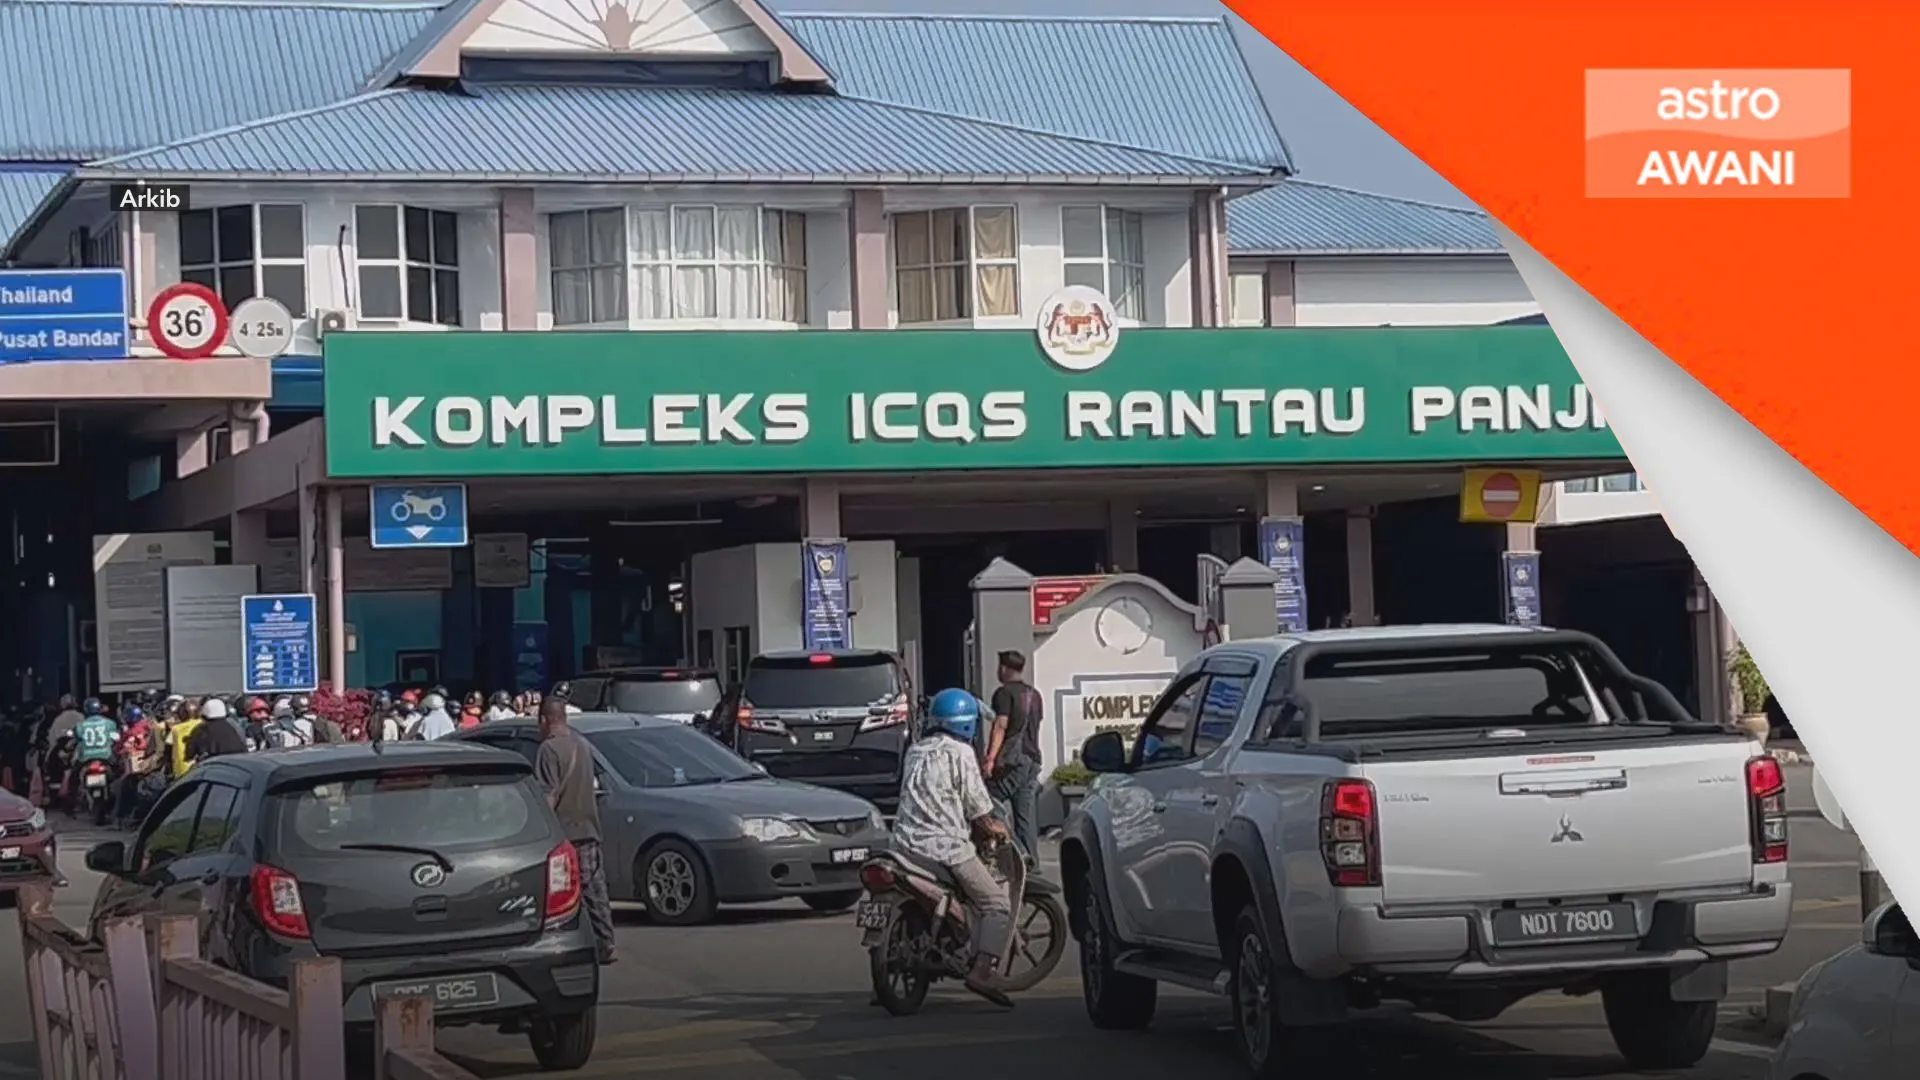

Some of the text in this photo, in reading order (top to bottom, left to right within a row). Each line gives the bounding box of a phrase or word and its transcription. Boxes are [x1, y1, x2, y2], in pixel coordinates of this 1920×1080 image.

[0, 285, 73, 304] hailand
[53, 329, 122, 347] Bandar
[372, 392, 809, 446] KOMPLEKS
[849, 389, 1027, 443] ICQS
[1066, 386, 1365, 438] RANTAU
[1082, 694, 1161, 720] KOMPLE
[84, 726, 107, 747] 03
[1519, 909, 1614, 936] NDT 7600
[435, 980, 478, 1000] 6125
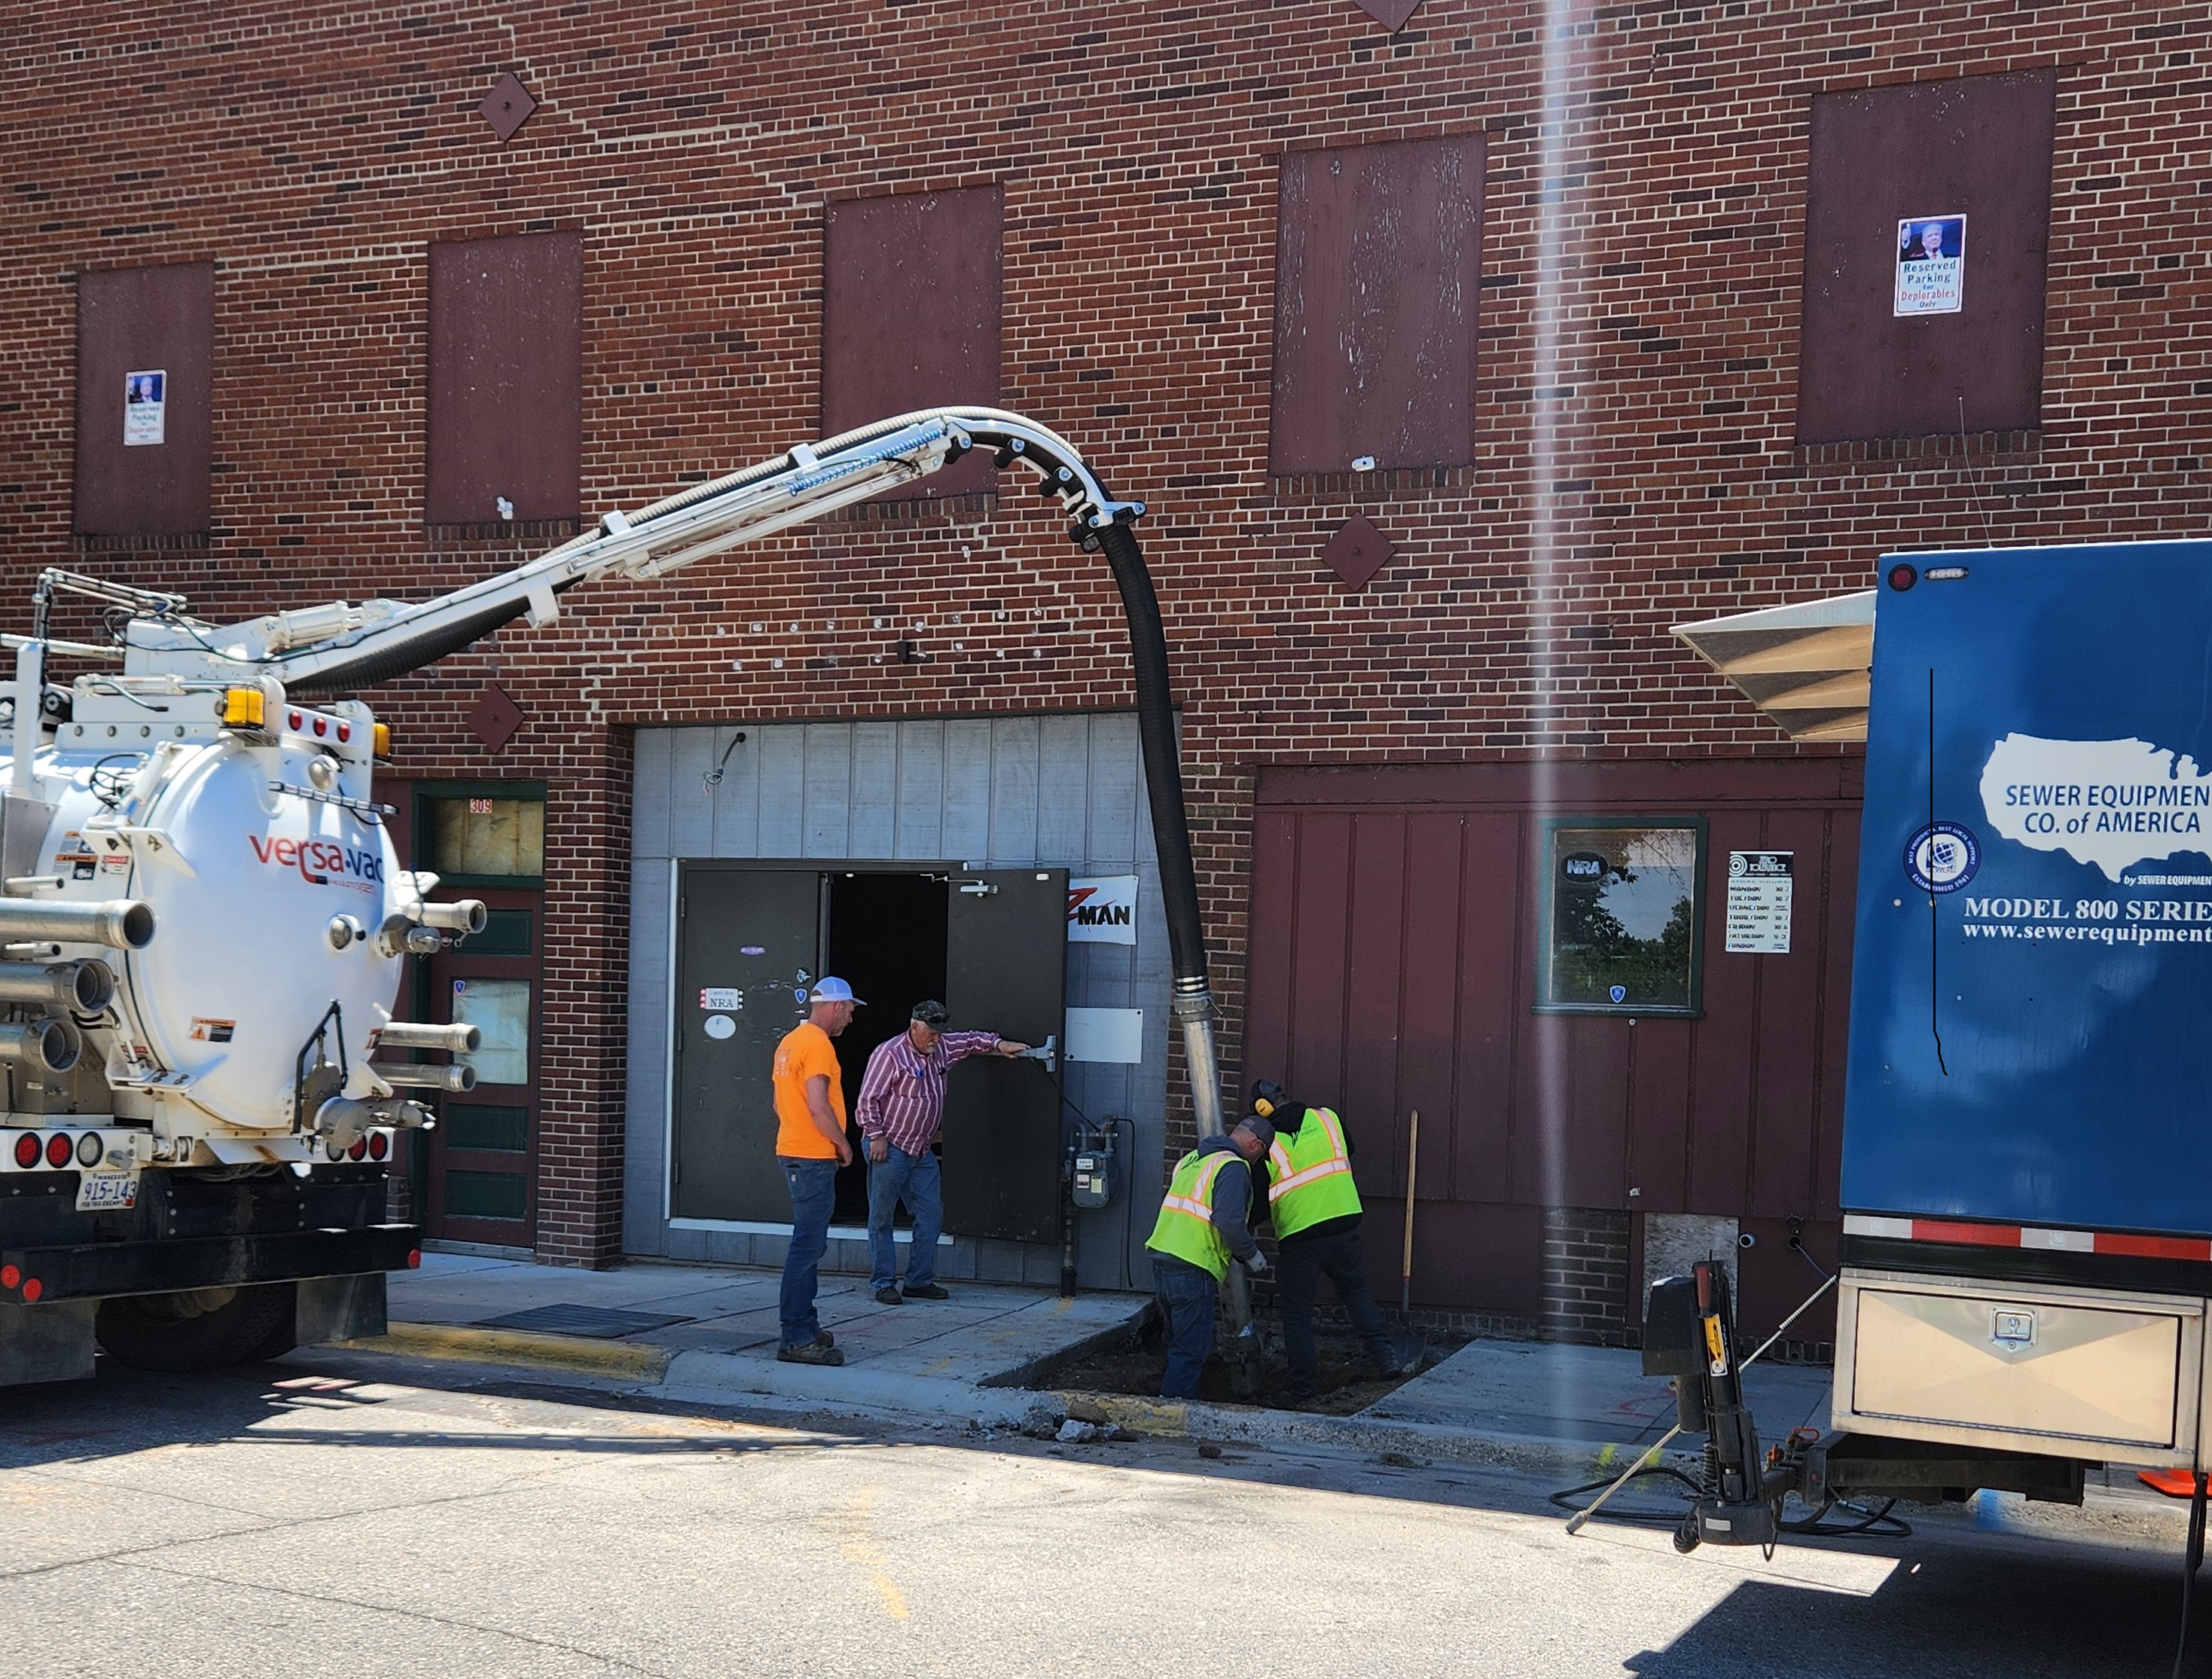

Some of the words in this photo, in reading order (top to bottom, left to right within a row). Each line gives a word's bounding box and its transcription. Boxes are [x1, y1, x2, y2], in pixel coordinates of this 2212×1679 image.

[1904, 259, 1956, 273] Reserved
[1908, 273, 1951, 284] Parking
[1902, 289, 1955, 301] Deplorables
[2006, 785, 2080, 806] SEWER
[2088, 785, 2212, 808] EQUIPMEN
[471, 799, 491, 812] 309
[2024, 812, 2060, 833] CO.
[2066, 812, 2091, 834] of
[2095, 811, 2201, 833] AMERICA
[1567, 860, 1600, 875] NRA
[2124, 875, 2137, 887] by
[2137, 875, 2167, 885] SEWER
[1963, 897, 2070, 918] MODEL
[2075, 899, 2118, 919] 800
[2125, 900, 2212, 921] SERIE
[1963, 923, 2212, 947] www.sewerequipment
[709, 998, 734, 1008] NRA
[84, 1181, 137, 1200] 915-143

* * * * * * *

### ASSIGNMENT
Everything from the line containing "Some of the words" to the end of the records must be written out exactly; include both of those lines and no others.

### ANSWER TO THIS EXERCISE
Some of the words in this photo, in reading order (top to bottom, left to right within a row). Each line gives a word's bounding box and its transcription. Boxes are [x1, y1, x2, y2], in pixel coordinates of this 2212×1679 image.

[1904, 259, 1956, 273] Reserved
[1908, 273, 1951, 284] Parking
[1902, 289, 1955, 301] Deplorables
[2006, 785, 2080, 806] SEWER
[2088, 785, 2212, 808] EQUIPMEN
[471, 799, 491, 812] 309
[2024, 812, 2060, 833] CO.
[2066, 812, 2091, 834] of
[2095, 811, 2201, 833] AMERICA
[1567, 860, 1600, 875] NRA
[2124, 875, 2137, 887] by
[2137, 875, 2167, 885] SEWER
[1963, 897, 2070, 918] MODEL
[2075, 899, 2118, 919] 800
[2125, 900, 2212, 921] SERIE
[1963, 923, 2212, 947] www.sewerequipment
[709, 998, 734, 1008] NRA
[84, 1181, 137, 1200] 915-143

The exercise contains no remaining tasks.